- Items from a data source:

-------

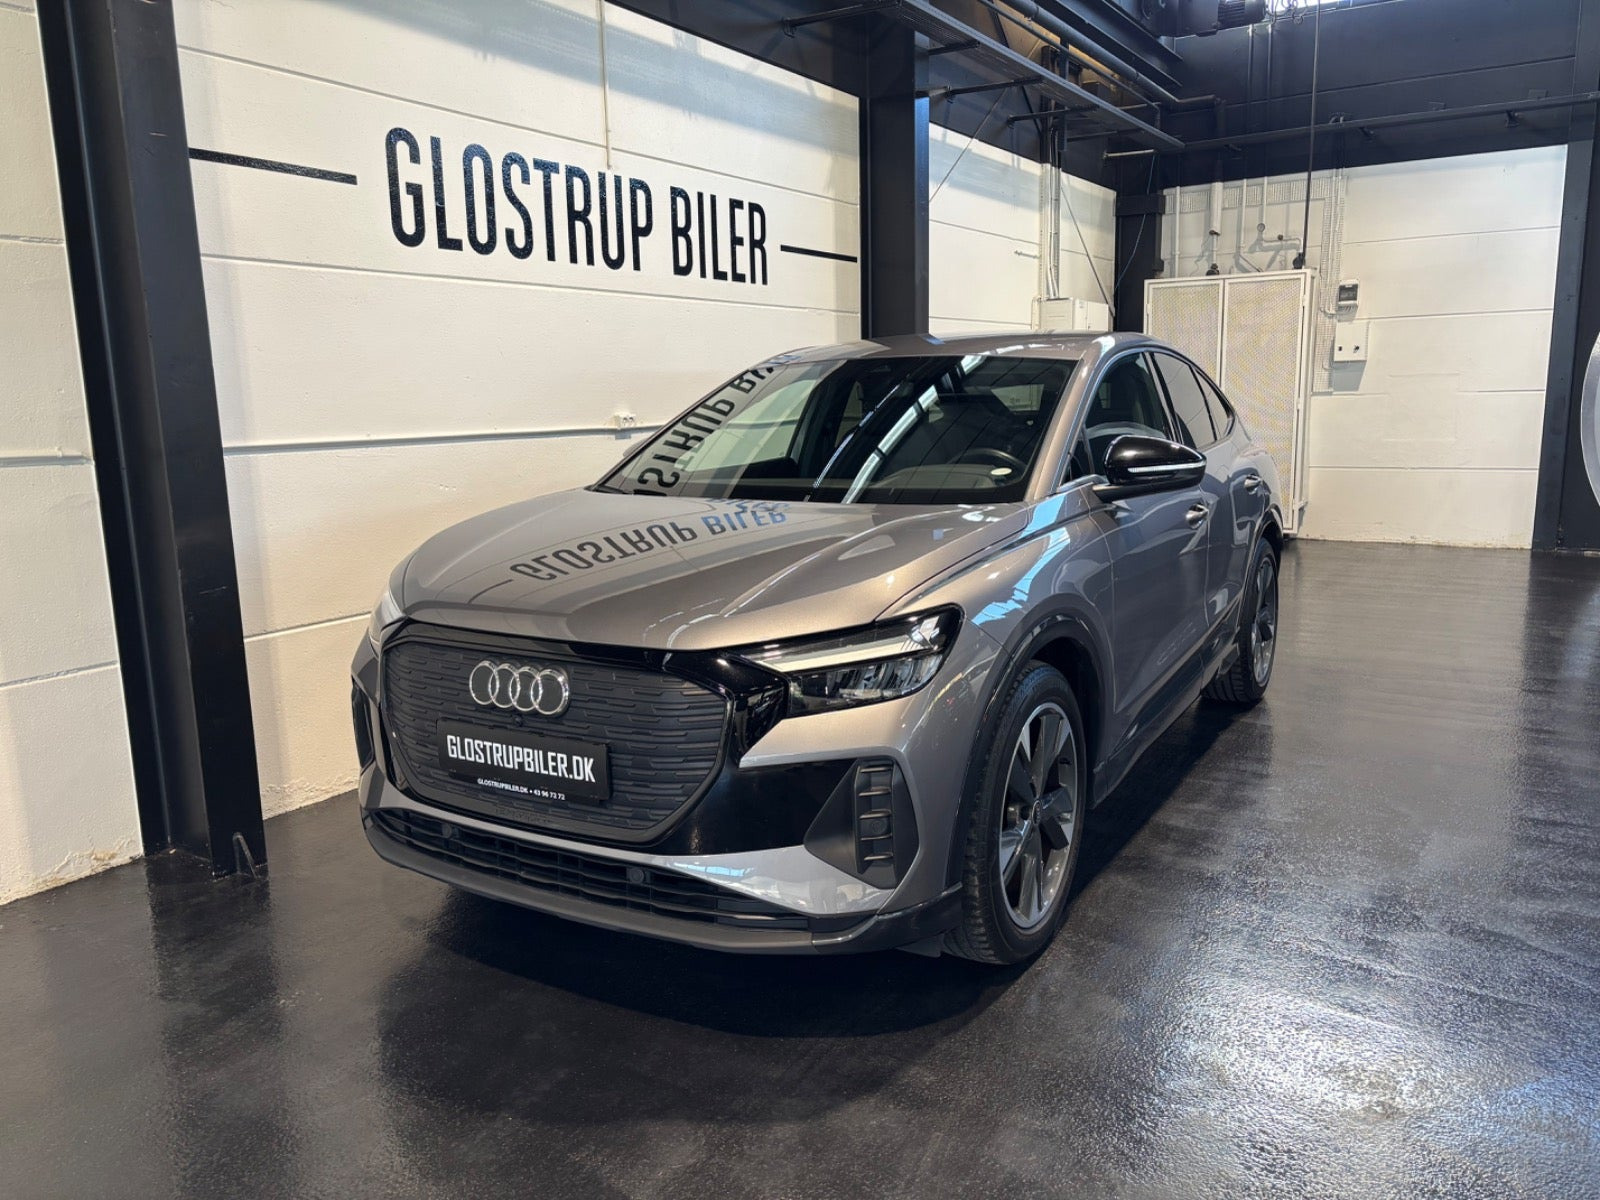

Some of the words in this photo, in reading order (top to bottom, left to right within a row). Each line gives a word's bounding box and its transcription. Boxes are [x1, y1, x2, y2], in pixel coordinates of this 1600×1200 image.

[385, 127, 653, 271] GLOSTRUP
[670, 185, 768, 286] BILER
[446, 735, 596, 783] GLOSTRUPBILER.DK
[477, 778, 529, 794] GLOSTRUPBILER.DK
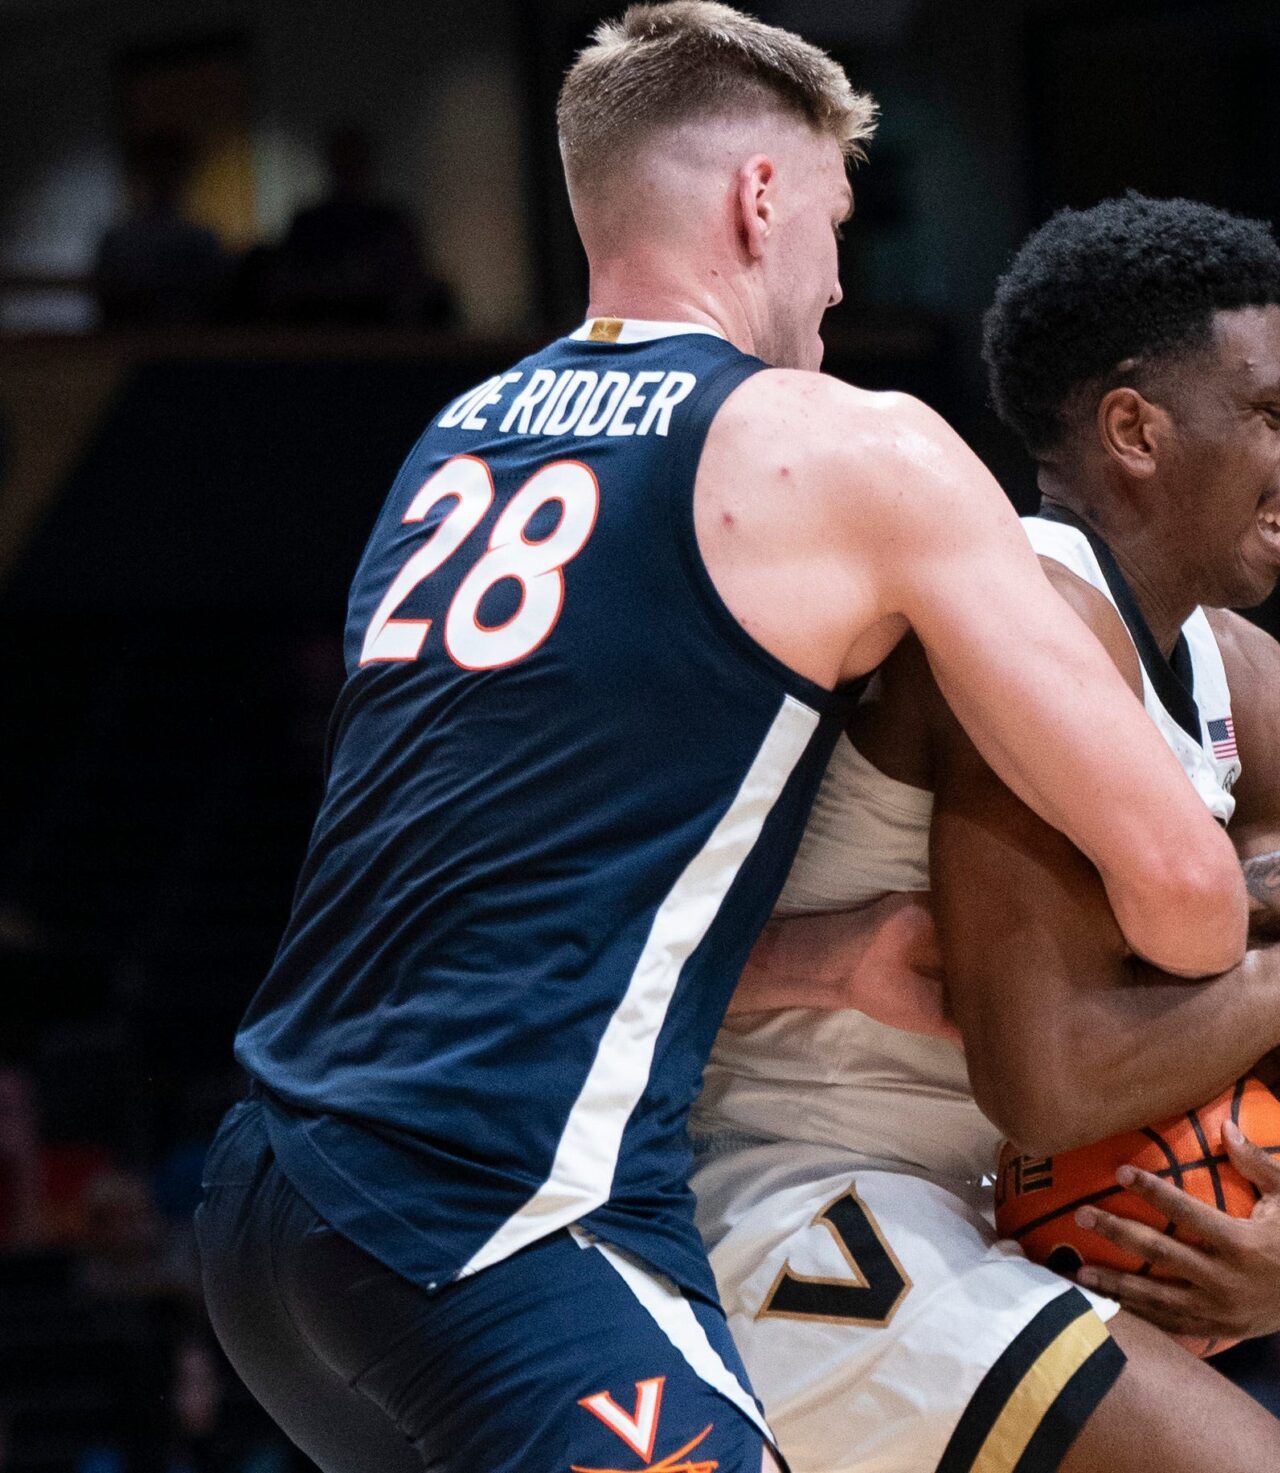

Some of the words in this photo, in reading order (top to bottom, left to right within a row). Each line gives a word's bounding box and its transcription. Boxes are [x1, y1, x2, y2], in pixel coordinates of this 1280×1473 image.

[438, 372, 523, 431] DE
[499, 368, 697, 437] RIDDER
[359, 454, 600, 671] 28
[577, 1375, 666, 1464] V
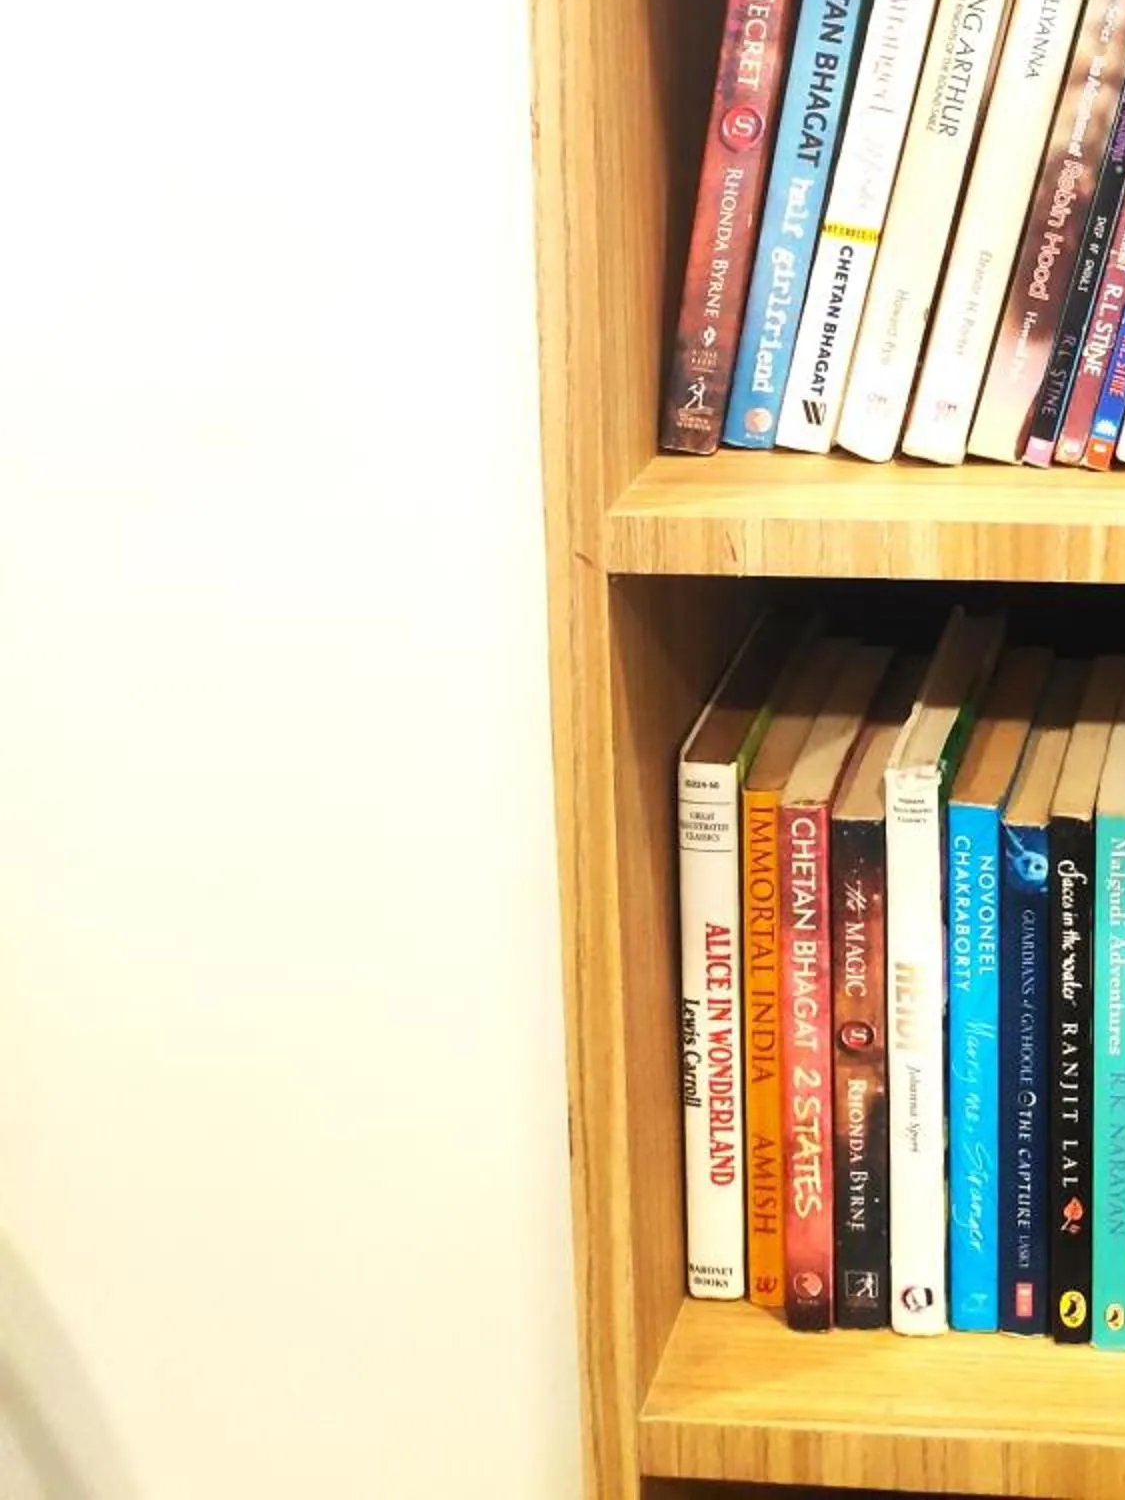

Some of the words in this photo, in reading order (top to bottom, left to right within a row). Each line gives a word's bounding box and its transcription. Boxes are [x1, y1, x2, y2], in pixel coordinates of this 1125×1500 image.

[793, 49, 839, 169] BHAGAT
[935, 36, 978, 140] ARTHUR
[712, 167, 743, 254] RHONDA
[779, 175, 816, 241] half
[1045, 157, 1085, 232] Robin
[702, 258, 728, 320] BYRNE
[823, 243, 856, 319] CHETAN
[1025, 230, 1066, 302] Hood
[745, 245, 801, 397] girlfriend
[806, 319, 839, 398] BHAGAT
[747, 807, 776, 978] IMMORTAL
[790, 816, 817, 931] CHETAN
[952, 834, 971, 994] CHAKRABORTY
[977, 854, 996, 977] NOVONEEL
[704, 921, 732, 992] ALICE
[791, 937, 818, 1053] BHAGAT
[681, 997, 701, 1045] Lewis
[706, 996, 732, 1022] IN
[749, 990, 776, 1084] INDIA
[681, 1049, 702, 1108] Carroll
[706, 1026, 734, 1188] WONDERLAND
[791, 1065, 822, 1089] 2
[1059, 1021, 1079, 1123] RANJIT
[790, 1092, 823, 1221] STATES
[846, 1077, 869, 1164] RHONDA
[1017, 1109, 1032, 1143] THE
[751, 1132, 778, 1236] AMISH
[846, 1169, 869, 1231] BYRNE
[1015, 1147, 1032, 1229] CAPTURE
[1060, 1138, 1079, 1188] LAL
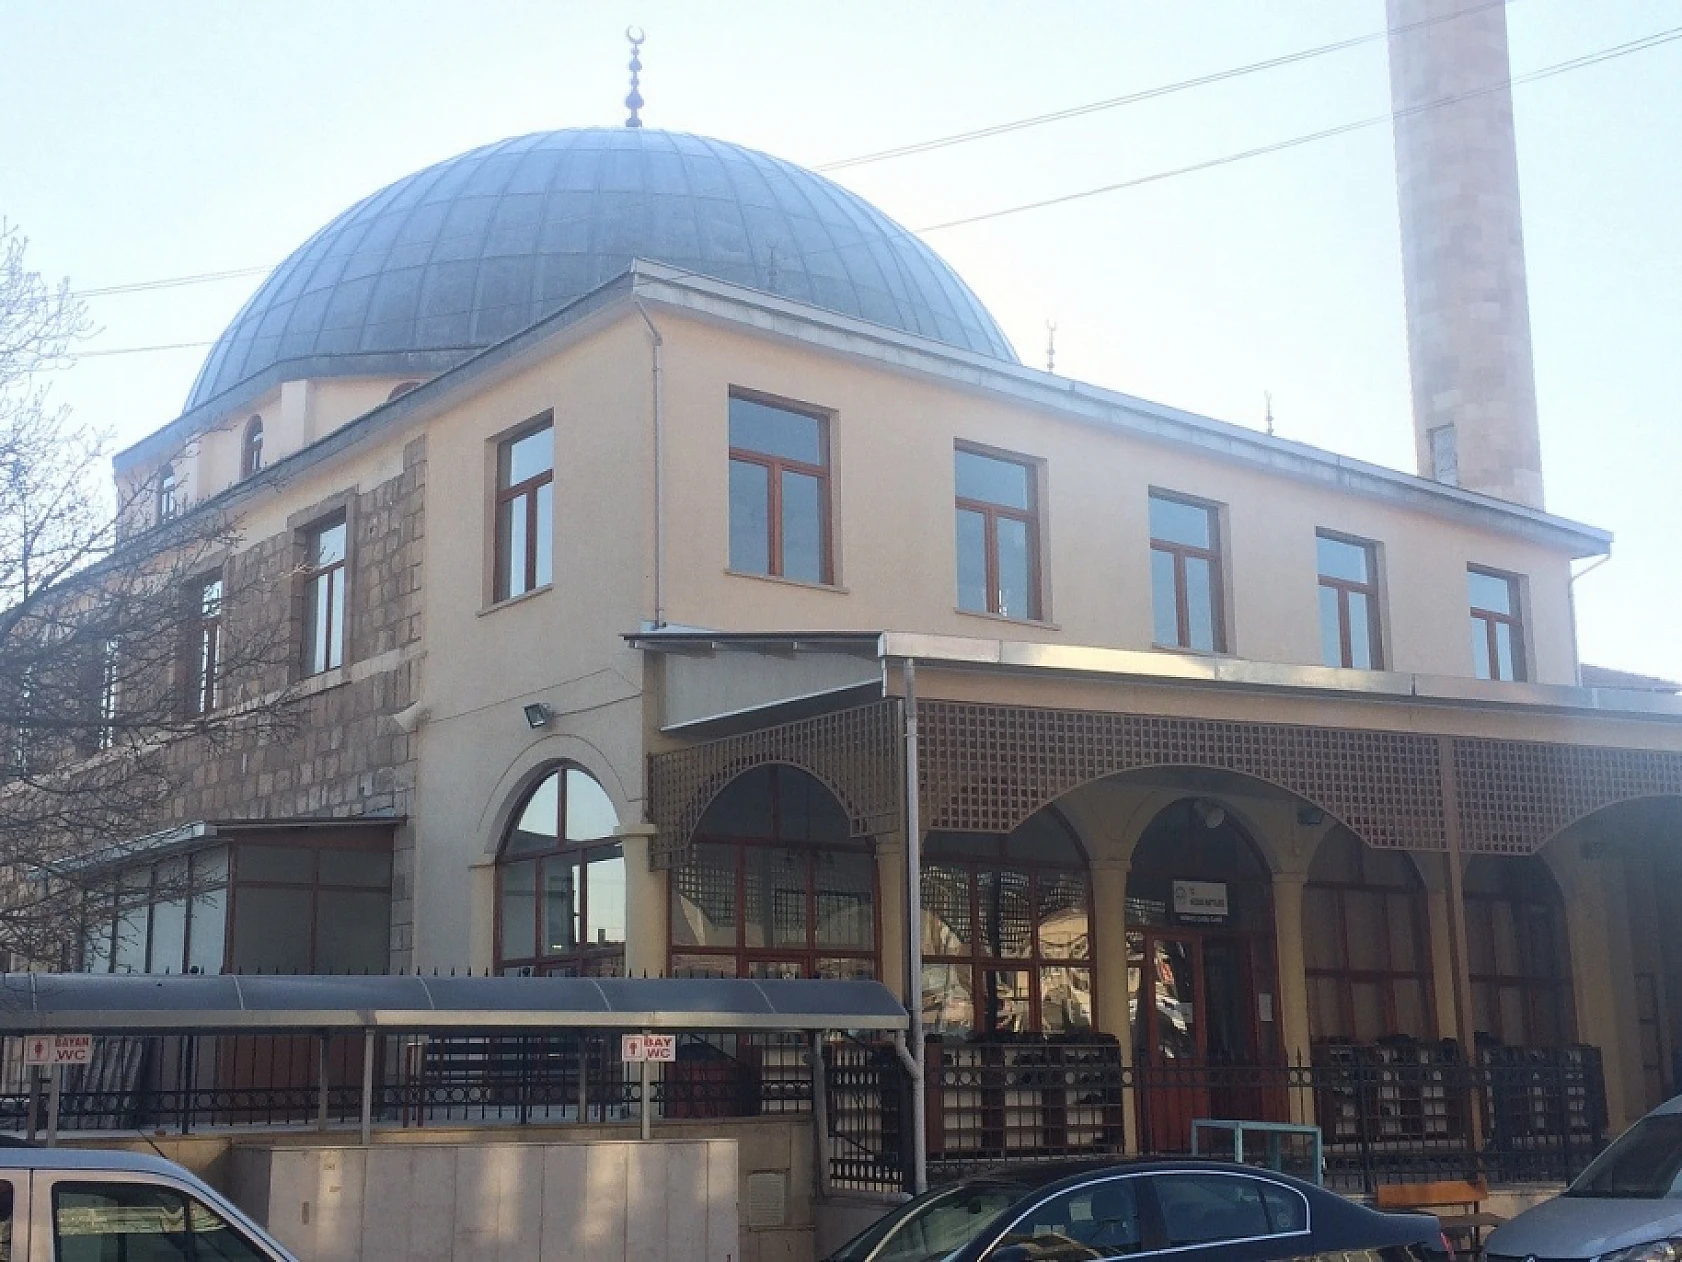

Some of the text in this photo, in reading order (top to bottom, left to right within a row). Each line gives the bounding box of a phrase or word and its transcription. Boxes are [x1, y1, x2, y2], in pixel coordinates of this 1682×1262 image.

-------

- Work instruction: In transcribing the lines above, omit the images and keep all else exact.

- Task response:
Some of the words in this photo, in reading order (top to bottom, left to right within a row). Each line gives a word's bounding box and its transcription. Boxes are [x1, y1, x2, y2], in pixel coordinates of this 1600×1200 image.

[385, 127, 653, 271] GLOSTRUP
[670, 185, 768, 286] BILER
[446, 735, 596, 783] GLOSTRUPBILER.DK
[477, 778, 529, 794] GLOSTRUPBILER.DK

Some of the words in this photo, in reading order (top to bottom, left to right within a row). Each line gives a word's bounding box and its transcription. Boxes are [x1, y1, x2, y2], in pixel coordinates of this 1280×1473 image.

[438, 372, 523, 431] DE
[499, 368, 697, 437] RIDDER
[359, 454, 600, 671] 28
[577, 1375, 666, 1464] V

Some of the words in this photo, in reading order (top to bottom, left to right within a row). Each line gives a word's bounding box and its transcription. Boxes are [x1, y1, x2, y2], in pixel coordinates of this 1125×1500 image.

[793, 49, 839, 169] BHAGAT
[935, 36, 978, 140] ARTHUR
[712, 167, 743, 254] RHONDA
[779, 175, 816, 241] half
[1045, 157, 1085, 232] Robin
[702, 258, 728, 320] BYRNE
[823, 243, 856, 319] CHETAN
[1025, 230, 1066, 302] Hood
[745, 245, 801, 397] girlfriend
[806, 319, 839, 398] BHAGAT
[747, 807, 776, 978] IMMORTAL
[790, 816, 817, 931] CHETAN
[952, 834, 971, 994] CHAKRABORTY
[977, 854, 996, 977] NOVONEEL
[704, 921, 732, 992] ALICE
[791, 937, 818, 1053] BHAGAT
[681, 997, 701, 1045] Lewis
[706, 996, 732, 1022] IN
[749, 990, 776, 1084] INDIA
[681, 1049, 702, 1108] Carroll
[706, 1026, 734, 1188] WONDERLAND
[791, 1065, 822, 1089] 2
[1059, 1021, 1079, 1123] RANJIT
[790, 1092, 823, 1221] STATES
[846, 1077, 869, 1164] RHONDA
[1017, 1109, 1032, 1143] THE
[751, 1132, 778, 1236] AMISH
[846, 1169, 869, 1231] BYRNE
[1015, 1147, 1032, 1229] CAPTURE
[1060, 1138, 1079, 1188] LAL

Some of the text in this photo, in reading order (top to bottom, left to right within a row). Each line gives the bounding box of a phrase or word and its transcription. Boxes are [x1, y1, x2, y2], in pixel coordinates of this 1682×1262 image.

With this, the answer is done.